Work instructions: Copy the listing exactly, images excluded.

******

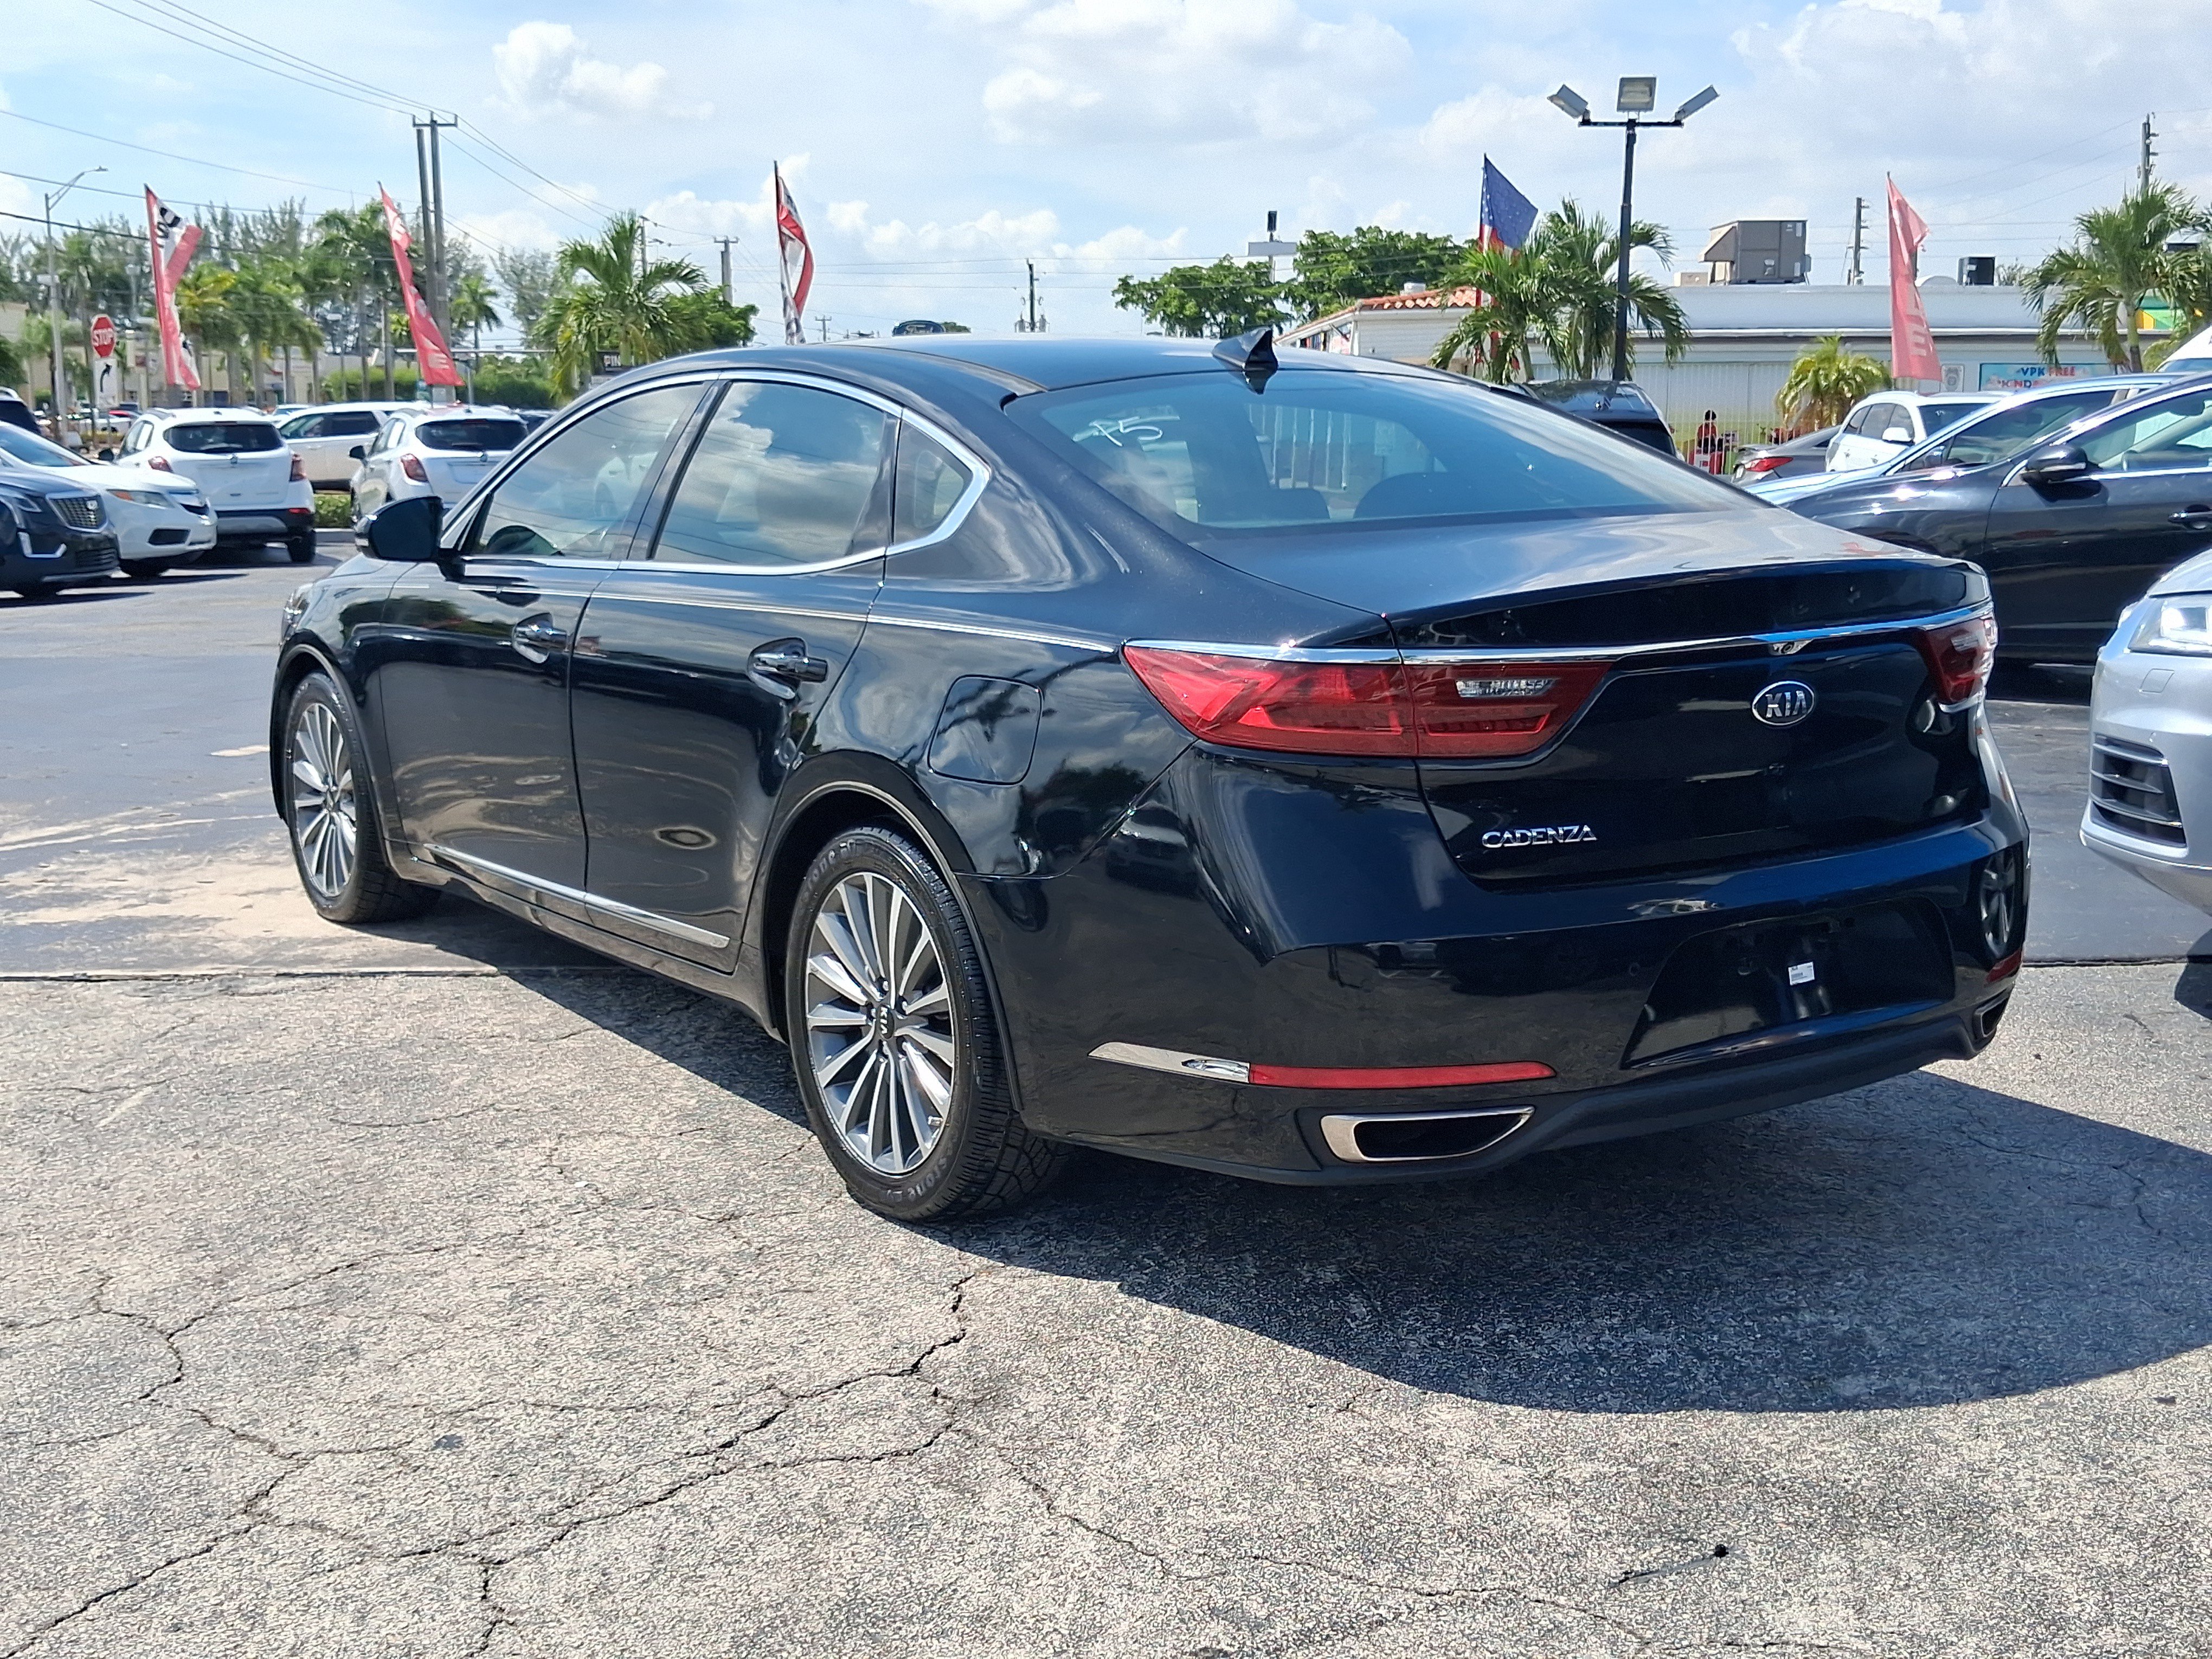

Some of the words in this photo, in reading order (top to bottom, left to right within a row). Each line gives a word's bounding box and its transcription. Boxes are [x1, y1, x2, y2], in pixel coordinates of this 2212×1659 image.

[92, 328, 115, 347] STOP
[2021, 366, 2046, 376] VPK
[1765, 690, 1808, 718] KIA
[1482, 825, 1597, 848] CADENZA

******

Worked solution:
Some of the words in this photo, in reading order (top to bottom, left to right within a row). Each line gives a word's bounding box and its transcription. Boxes are [x1, y1, x2, y2], in pixel coordinates of this 2212×1659 image.

[92, 328, 115, 347] STOP
[2021, 366, 2046, 376] VPK
[1765, 690, 1808, 718] KIA
[1482, 825, 1597, 848] CADENZA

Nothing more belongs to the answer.